# Where to go next? (Family Spring Break Version)



## hibbeln (Sep 13, 2011)

Here's my dilemma.....spring break next year (roughly March 28-April 8).  Family of 4 with 2 sons, in 11th and 8th grade.  We would like to go someplace at least SOMEWHAT warm....or at the very least, sunny.  We live in the Detroit area so we'll be pretty tired of winter by then.
I have my heart set on Vietnam, but my husband feels it is too far to fly (flight durations are running about 25 hours) and too many time zones to cross (12-13) for what will end up being 8-9 days on the ground.  My solution is to take the kids out of 4 days of school to make it a full 2 weeks, but hubby doesn't want to go for that (granted, oldest son has a tough schedule with 2 AP classes, but since we only have 2 springs breaks left......)

So we are now trying to come up with another option that might put a little bit of a thrill in my heart if I truly have to give up my dream of Vietnam.  This is an odd dilemma for me to be in, as I usually have vacations planned years in advance.  (In fact, spring break 2013 is already planned....Russia!)

We don't want a resort vacation (like Mexico or the Caribbean).  We've done the Mexican resort thing twice and ended up bored in a few days with the resort scene.  This will NOT be a timeshare vacation (those are all spoken for right now).

Recent trips we've taken:  Hawaii, Southern Italy, Greece, Southern Spain, France (Paris & Normandy), Bavarian Alps, US Southwestern National Parks (Bryce, Zion, Grand Canyon....), as well as travelling extensively around the USA (All up and down the east coast and west coast, Florida, most major cities, did the big drive across to Yellowstone etc....)
We like a mix of natural beauty and history and culture.  We like to do things (go on hikes, kayak, tour ruins or museums, etc).  My husband would like some chance of relaxation built in.  I tried telling him that he can go on a relaxing vacation in 2 more years once our oldest is off to college and BIG family vacations become a thing of the past.    Or relax on a cruise in Halong Bay!  :deadhorse: 

I NEED SOME SUGGESTIONS THAT WILL THRILL ME!  

One thought we had was Costa Rica, but the more I read about it the less it appeals to me.  India has already been considered and discarded.  

Waaaaaaa!    I just want to go to Vietnam!

I'm relying on TUGGERS to help me come up with a solution and cheer me up!      (or else descend en masse on my house to tell me husband taking teenagers out of school is OK, even in this day and age when it is soooo frowned upon).


----------



## hibbeln (Sep 13, 2011)

My poor husband!  Can you tell I'm relentless?


----------



## Passepartout (Sep 13, 2011)

How about S. America?

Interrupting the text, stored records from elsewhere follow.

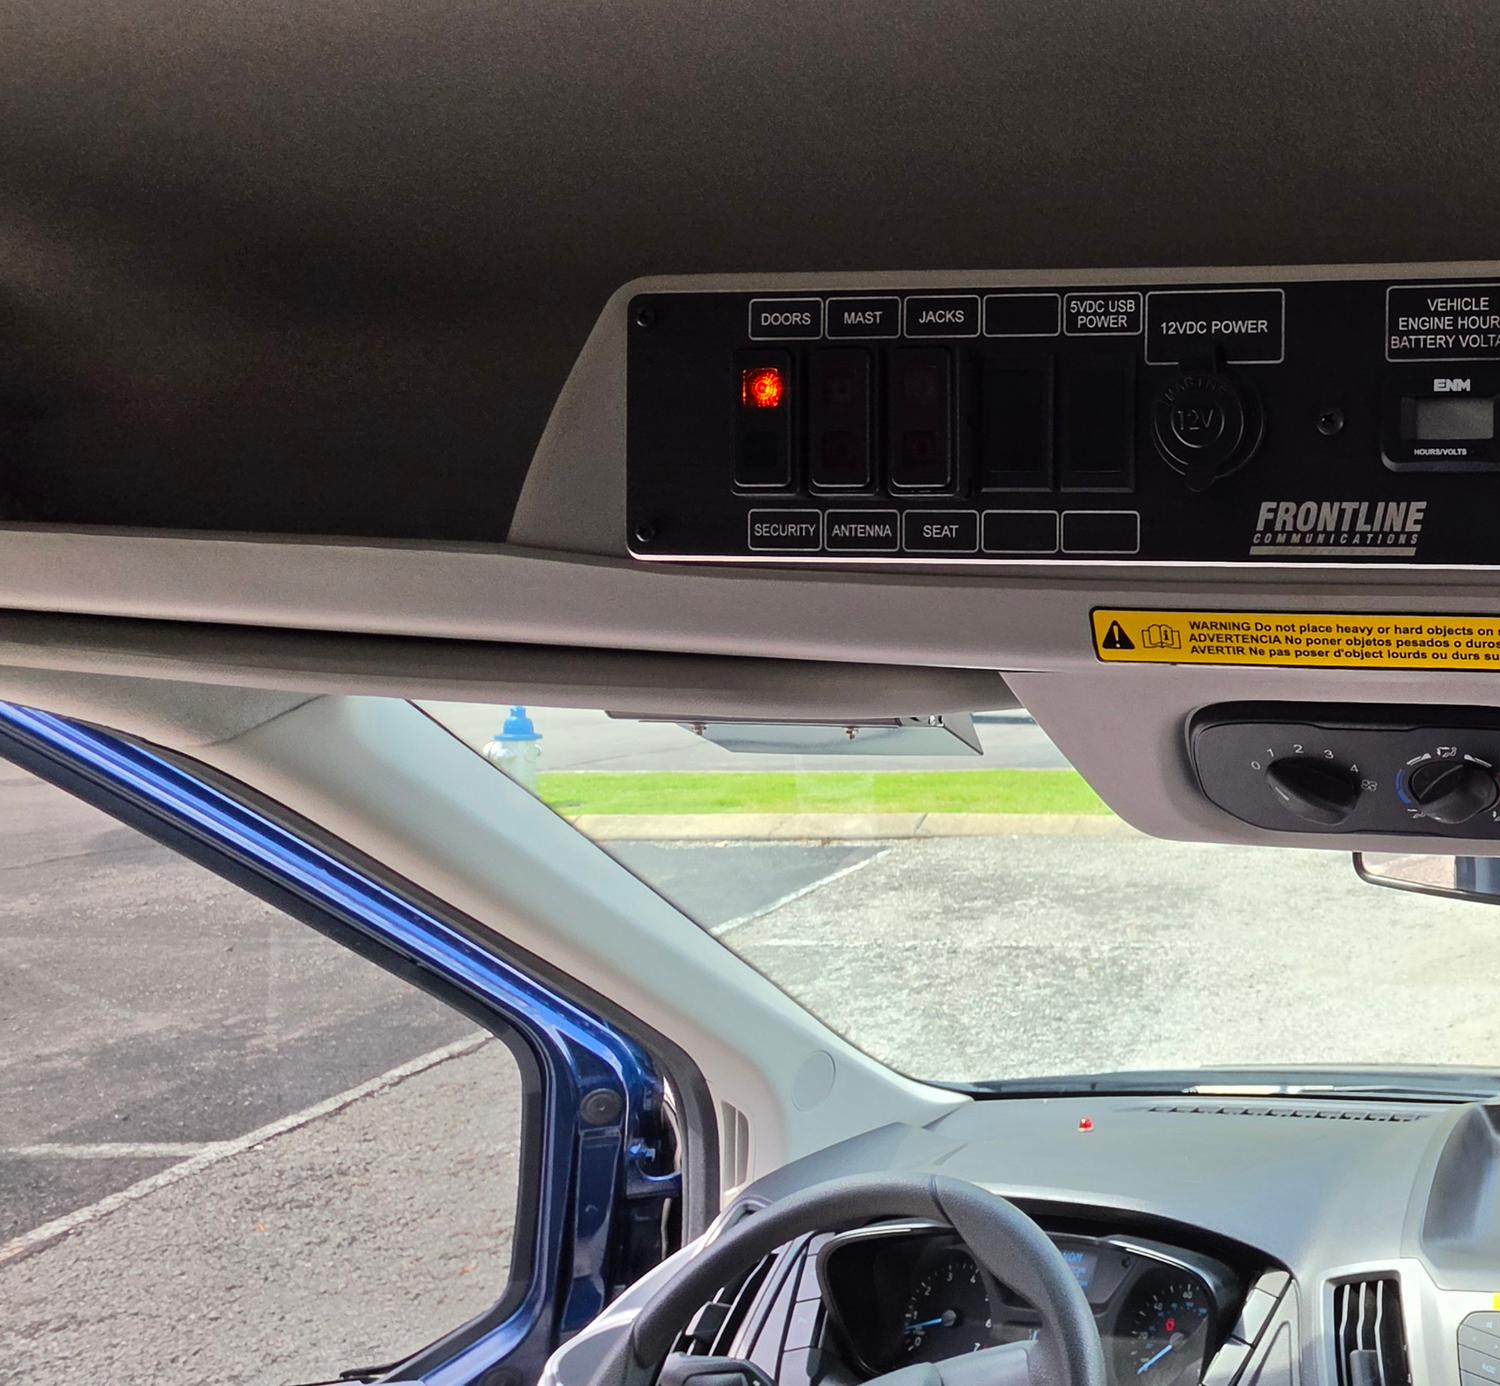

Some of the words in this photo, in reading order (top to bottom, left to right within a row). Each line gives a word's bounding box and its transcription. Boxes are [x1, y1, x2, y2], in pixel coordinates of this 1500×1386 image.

[1071, 301, 1106, 314] 5VDC
[1109, 300, 1135, 313] USB
[1428, 298, 1489, 312] VEHICLE
[761, 312, 811, 325] DOORS
[844, 312, 882, 324] MAST
[919, 311, 964, 324] JACKS
[1078, 315, 1128, 328] POWER
[1399, 316, 1454, 331] ENGINE
[1161, 321, 1207, 335] 12VDC
[1211, 320, 1268, 334] POWER
[1391, 335, 1456, 349] BATTERY
[1434, 379, 1471, 391] ENM
[1177, 409, 1214, 431] 12V
[1413, 448, 1468, 456] HOURS/VOLTS
[1255, 501, 1427, 532] FRONTLINE
[755, 524, 815, 538] SECURITY
[832, 524, 891, 538] ANTENNA
[923, 525, 958, 538] SEAT
[1253, 533, 1419, 544] COMMUNICATIONS
[1189, 621, 1251, 631] WARNING
[1255, 622, 1271, 632] Do
[1276, 623, 1296, 632] not
[1300, 623, 1332, 634] place
[1336, 624, 1373, 636] heavy
[1377, 626, 1391, 634] or
[1394, 625, 1423, 635] hard
[1427, 626, 1473, 637] objects
[1477, 628, 1494, 636] on
[1189, 633, 1281, 644] ADVERTENCIA
[1285, 635, 1302, 645] No
[1306, 637, 1342, 647] poner
[1345, 636, 1392, 648] objetos
[1396, 638, 1450, 648] pesados
[1454, 640, 1462, 648] o
[1190, 645, 1245, 655] AVERTIR
[1248, 646, 1265, 656] Ne
[1269, 648, 1291, 658] pas
[1294, 649, 1329, 659] poser
[1334, 648, 1383, 660] d'object
[1388, 650, 1428, 660] lourds
[1432, 652, 1448, 660] ou
[1452, 651, 1480, 661] durs
[1267, 748, 1274, 757] 1
[1293, 744, 1304, 753] 2
[1324, 749, 1334, 759] 3
[1251, 761, 1260, 770] 0
[1350, 764, 1359, 773] 4
[985, 1318, 992, 1328] 6

No time zone differences to speak of. It will be late Summer there. Rio, and/or Buenos Aires, Iguassu Falls. Cuzco, Machu Pichu, the Galapagos. Maybe the Pantanal, or flyfishing Patagonia. The wine country around Mendoza, Argentina, and whole continent of other places.

What's not to like?

Jim Ricks


----------



## zcrider (Sep 13, 2011)

4 days out of school doesn't sound that bad to me.  Each year I take my kids out for one week to go somewhere. So 5 missed days of school.  I check the school calendar ahead of time to make sure it isn't during testing or anything, then ask the principal for an approved unexcused absense.  It hasn't been denied yet.
   But I must say my children are young and I don't know if that will be harder to do once they are in HS?  I would say if your kids are good students without struggles, then just ask the teacher for the work ahead of time and take it with you.  They will need something to do on the airplane anyway. 
  Good luck.


----------



## hibbeln (Sep 13, 2011)

Hmmmm, there's a thought.  
Though not Machu Pichu or any other high altitude destination as this problem hubby of mine has sickle cell trait.      We discovered THAT on our honeymoon in Venezuela when we went insanely high into the mountains.


----------



## ampaholic (Sep 13, 2011)

Spain - south of France - Canary Islands, Malta = all pretty nice by March.


----------



## ampaholic (Sep 13, 2011)

The sons would love Ipanema Beach


----------



## hibbeln (Sep 13, 2011)

Part of the problem is that it is the end of the 9 week marking period.  So the day spring break starts is the day the teachers have to have their grades in, so if my kids miss anything, I'm not sure how that would effect their grades?  And I'm not sure how amenable the teachers would be to giving them tests almost a full week before.  A lot of times they won't let them take tests EARLY because they're so paranoid about cheating.  On the other hand, my kids literally never miss a day of school (unless they're sick, and even then they usually drag themselves in).


----------



## puppymommo (Sep 13, 2011)

At DD's school district, if kids miss more than 5 days of school for ANY REASON, they have to make up the time after school or over the summer.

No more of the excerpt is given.